Enclosed Beyer Dynamic DT770M 80-ohm headphones were chosen for the study as they have a passive ambient noise reduction of 35 dB, according to the manufacturer’s specification. A Rane HC6S headphone amplifier was set so that the RMS level was 82 dBC, broadly in accordance with the reference level recommended by the ITU-R [29, 34], and with a peak of 95 dBC. Music is the most popular media form for headphone use with high levels of adoption and regular use [36, 37]. Headphones are reported as being the second equal most popular method after computer speakers for the consumption of music [38].

The use of headphones also minimised the effect of any room acoustic colouration, which are known to affect listening studies [39]. They also potentially facilitate a greater level of detail due to driver proximity and minimal cross-talk. It is acknowledged that the stereo image experienced when using headphones will differ from that of loudspeakers. Nevertheless, when using headphones, the listener experiences the sound as being perceptually from the exterior world [40]. It has been found that there is little difference between studio loudspeakers and studio quality headphones in audio evaluation situations; both MUSHRA [41] and ITU-R standards for listening tests endorse use of either headphones or loudspeakers [29, 34].

With respect to each song, participants were invited to provide a response, using paper-based scoring sheets, to two questions. The first concerned the presence of any noise in the samples presented, and the second related to the quality of the stereo image they experienced. The wording used for these two questions was selected by considering the terminology recommended in ITU-R BS.1284 [29]. Each question on the scoring sheet clearly articulated the scoring criteria and the bipolar descriptors used at each end of the grading scale.
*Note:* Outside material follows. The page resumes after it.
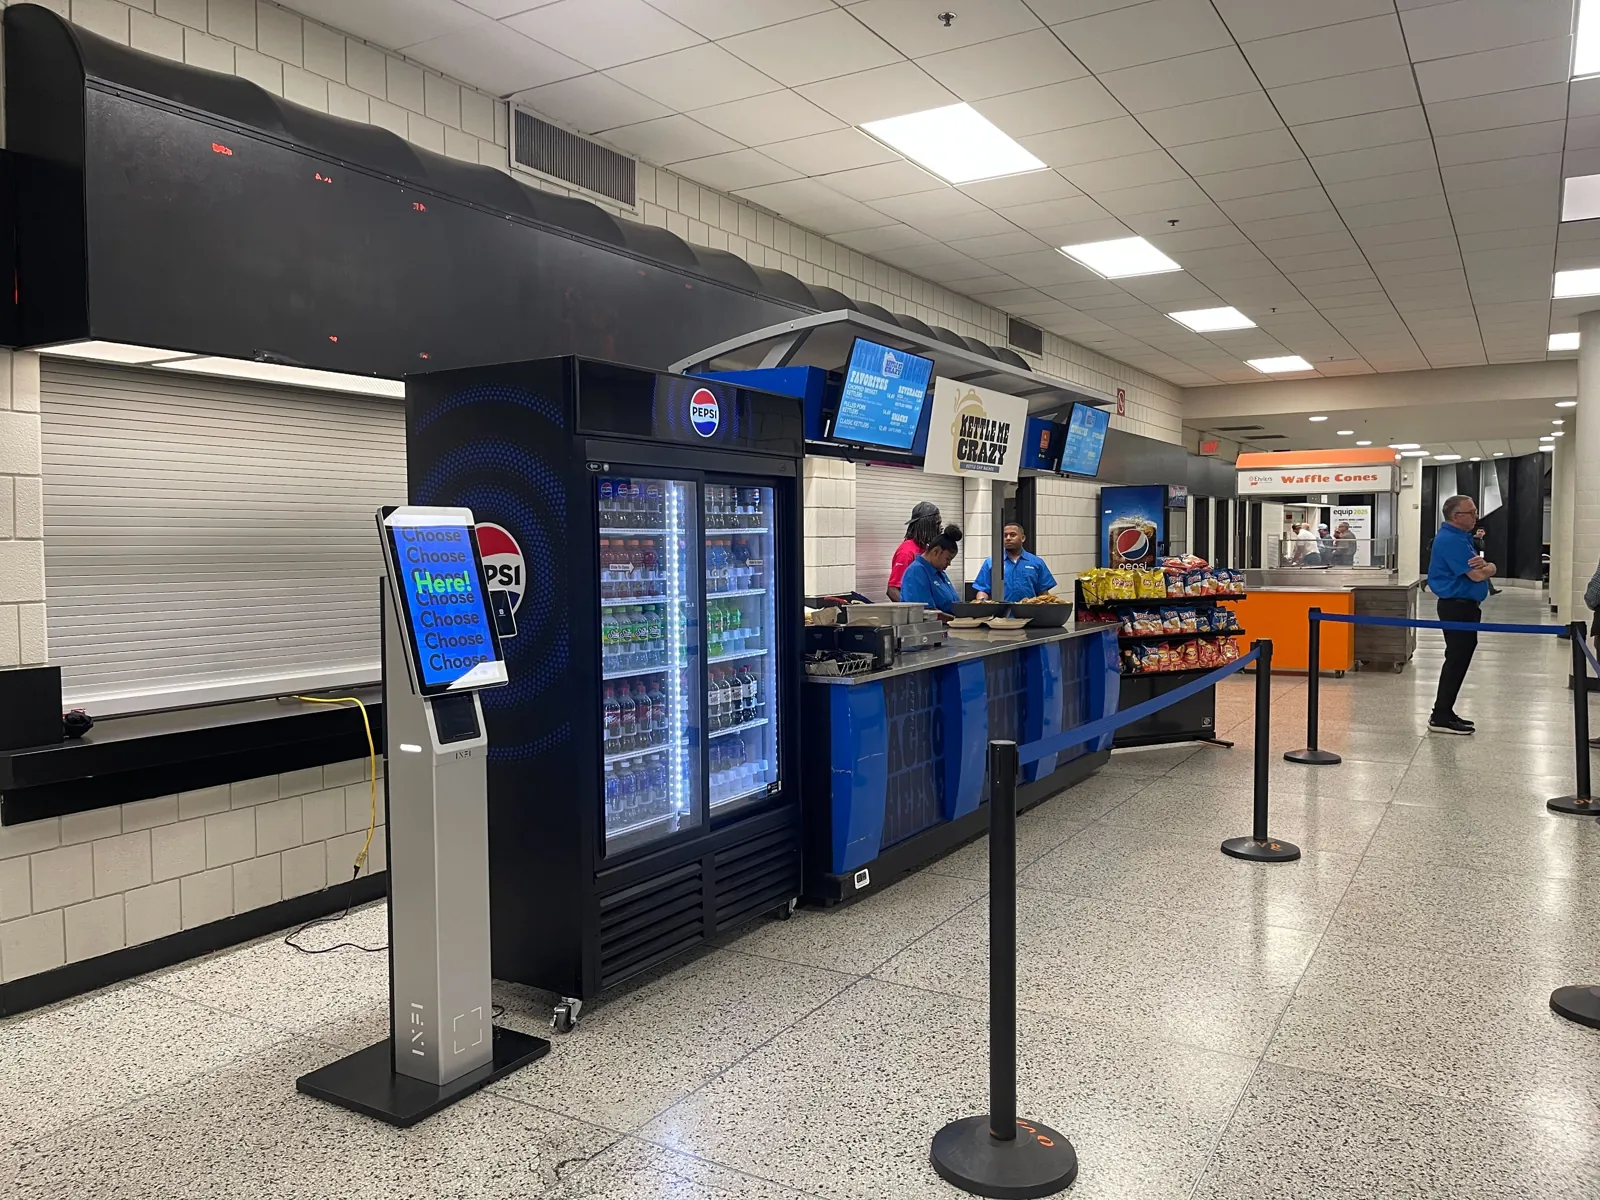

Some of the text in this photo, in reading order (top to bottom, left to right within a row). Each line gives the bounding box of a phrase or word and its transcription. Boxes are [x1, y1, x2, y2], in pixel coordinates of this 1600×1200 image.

Participants were asked to rate each clip’s audio quality with respect to noise and distortions using a five-point semantic differential scale as follows: 1 = imperceptible noise and distortions; 5 = perceptible noise and distortions. This question would allow the participants to refer to any type of noise or artefact present within the sample, providing scope to capture both linear and nonlinear distortion factors. Participants were then asked to rate each clip in terms of its stereo image quality, using a five-point semantic differential scale as follows: 1 = narrow and imprecise; 5 = wide and precise. Similarly, this question provided participants with the opportunity to describe the stereo spread and their ability to localise distinct sound sources within the music. As participants listened to the six codec variations of each of the ten song samples, they were asked to specify which of the six clips was their favourite and which was their least favourite.

4.2. Participants

A total of 100 participants engaged with the listening test and were recruited from the Merchiston campus at Edinburgh Napier University. With respect to background, 28% were students at the University, whilst 33% were academic or faculty staff and 39% were administrative and support staff. Participants were not offered any form of remuneration or any other form of inducement for their involvement.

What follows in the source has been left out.